Terra Sirenum is a large region in the southern hemisphere of the planet Mars. It is centered at and covers 3900 km at its broadest extent. It covers latitudes 10 to 70 South and longitudes 110 to 180 W. Terra Sirenum is an upland area notable for massive cratering including the large Newton Crater. Terra Sirenum is in the Phaethontis quadrangle and the Memnonia quadrangle of Mars. A low area in Terra Sirenum is believed to have once held a lake that eventually drained through Ma'adim Vallis.

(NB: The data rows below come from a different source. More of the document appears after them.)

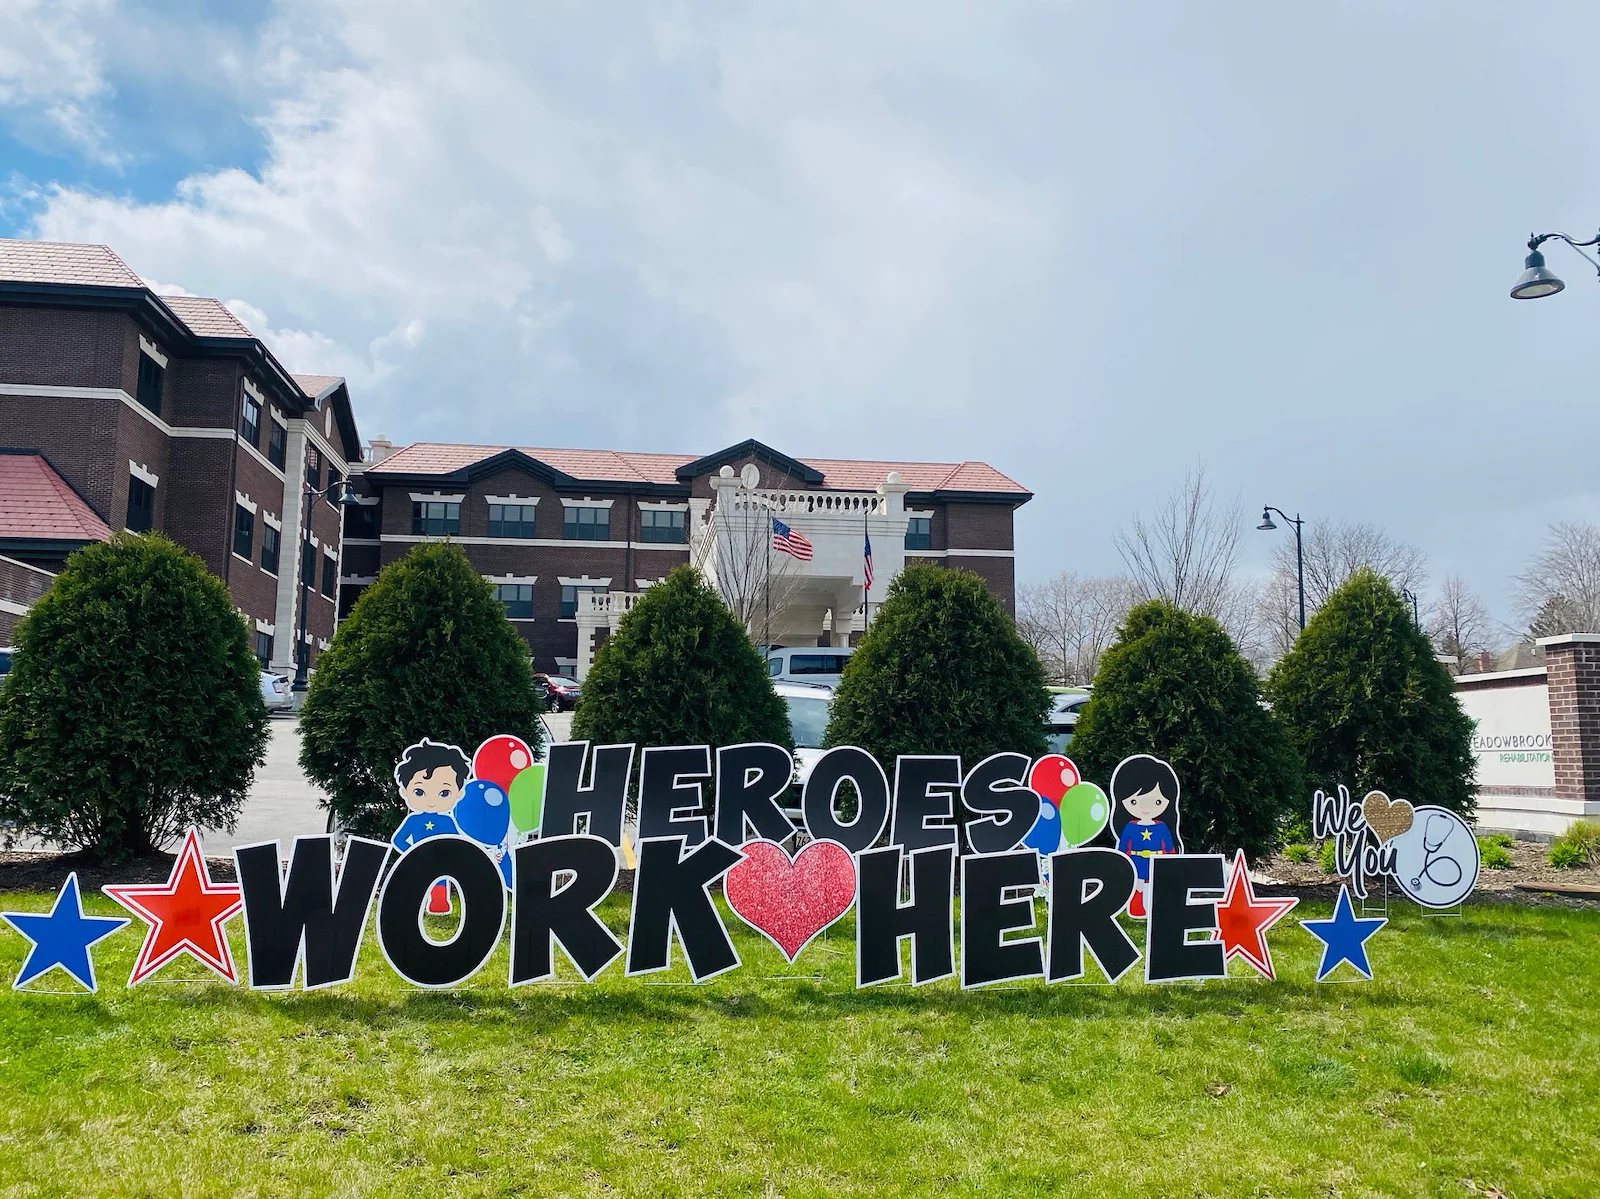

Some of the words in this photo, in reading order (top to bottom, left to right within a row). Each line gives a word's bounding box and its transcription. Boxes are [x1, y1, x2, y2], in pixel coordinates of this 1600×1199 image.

[1473, 733, 1552, 749] EADOWBROOK
[1499, 752, 1551, 763] REHABILITATION
[539, 741, 1042, 854] HEROES
[1314, 785, 1366, 838] We
[1337, 830, 1398, 898] You
[233, 834, 749, 990] WORK
[856, 843, 1228, 989] HERE
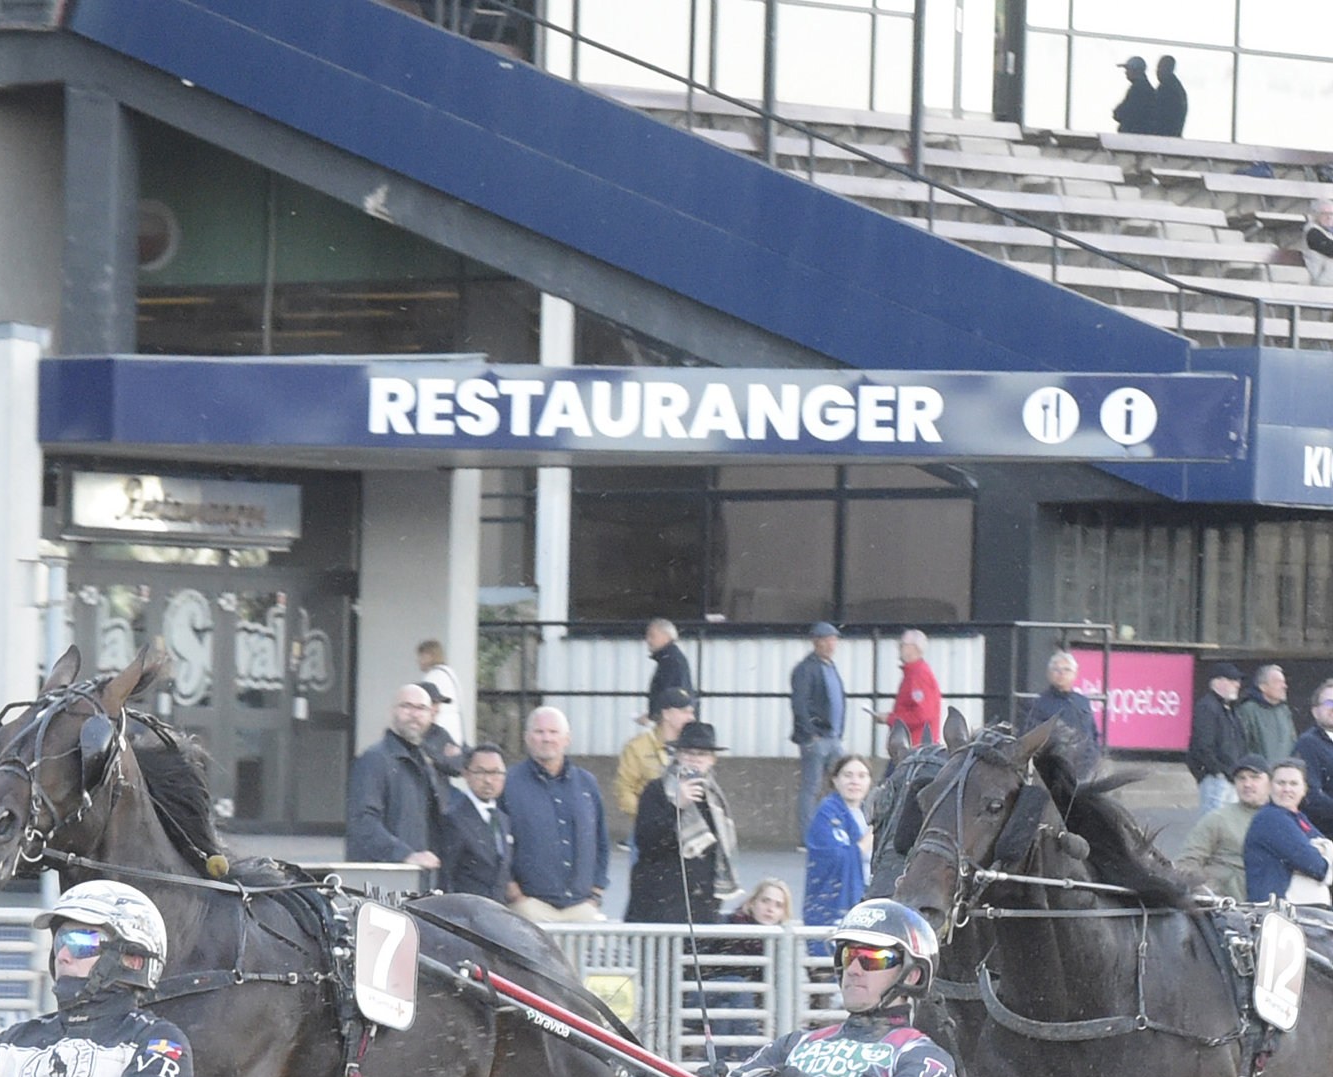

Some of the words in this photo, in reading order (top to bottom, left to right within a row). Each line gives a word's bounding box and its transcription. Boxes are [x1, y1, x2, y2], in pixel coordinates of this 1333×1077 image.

[369, 377, 944, 443] RESTAURANGER
[1304, 445, 1333, 488] KI
[369, 906, 406, 992] 7
[1263, 915, 1304, 1008] 12
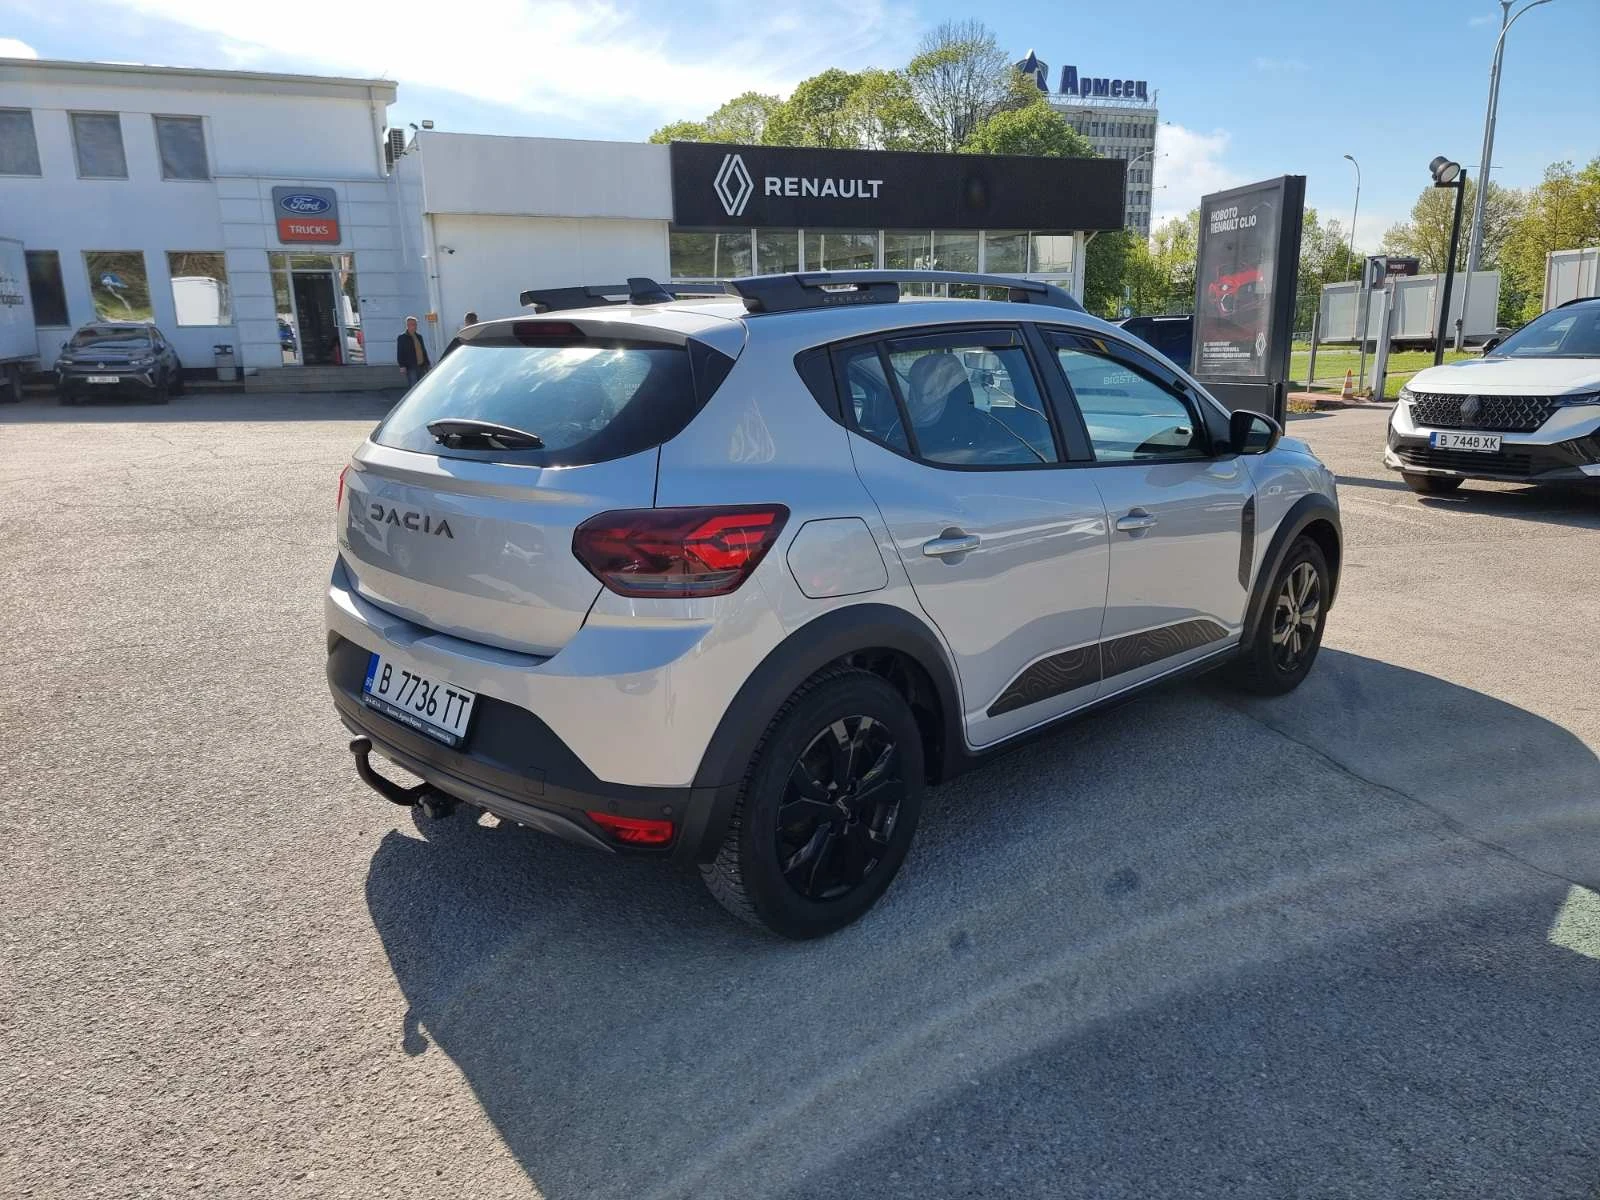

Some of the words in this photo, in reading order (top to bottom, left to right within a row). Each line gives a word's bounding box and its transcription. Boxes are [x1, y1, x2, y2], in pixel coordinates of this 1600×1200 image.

[1061, 65, 1147, 102] Армеец
[764, 176, 884, 199] RENAULT
[290, 197, 321, 210] Ford
[1211, 206, 1238, 222] НОВОТО
[1211, 218, 1239, 234] RENAULT
[1240, 214, 1257, 228] CLIO
[288, 225, 329, 235] TRUCKS
[1440, 434, 1448, 446] B
[1453, 435, 1480, 448] 7448
[1483, 437, 1497, 449] XK
[370, 503, 455, 539] DACIA
[378, 663, 393, 694] B
[395, 670, 441, 717] 7736
[442, 689, 470, 729] TT

Terra Sirenum is named after the Sirens, who were birds with the heads of girls. In the Odyssey these girls captured passing seamen and killed them.

== Chloride deposits ==

Evidence of deposits of chloride based minerals in Terra Sirenum was discovered by the 2001 Mars Odyssey orbiter's Thermal Emission Imaging System in March 2008. The deposits are approximately 3.5 to 3.9 billion years old. This suggests that near-surface water was widespread in early Martian history, which has implications for the possible existence of Martian life. Besides finding chlorides, MRO discovered iron/magnesium smectites which are formed from long exposure in water.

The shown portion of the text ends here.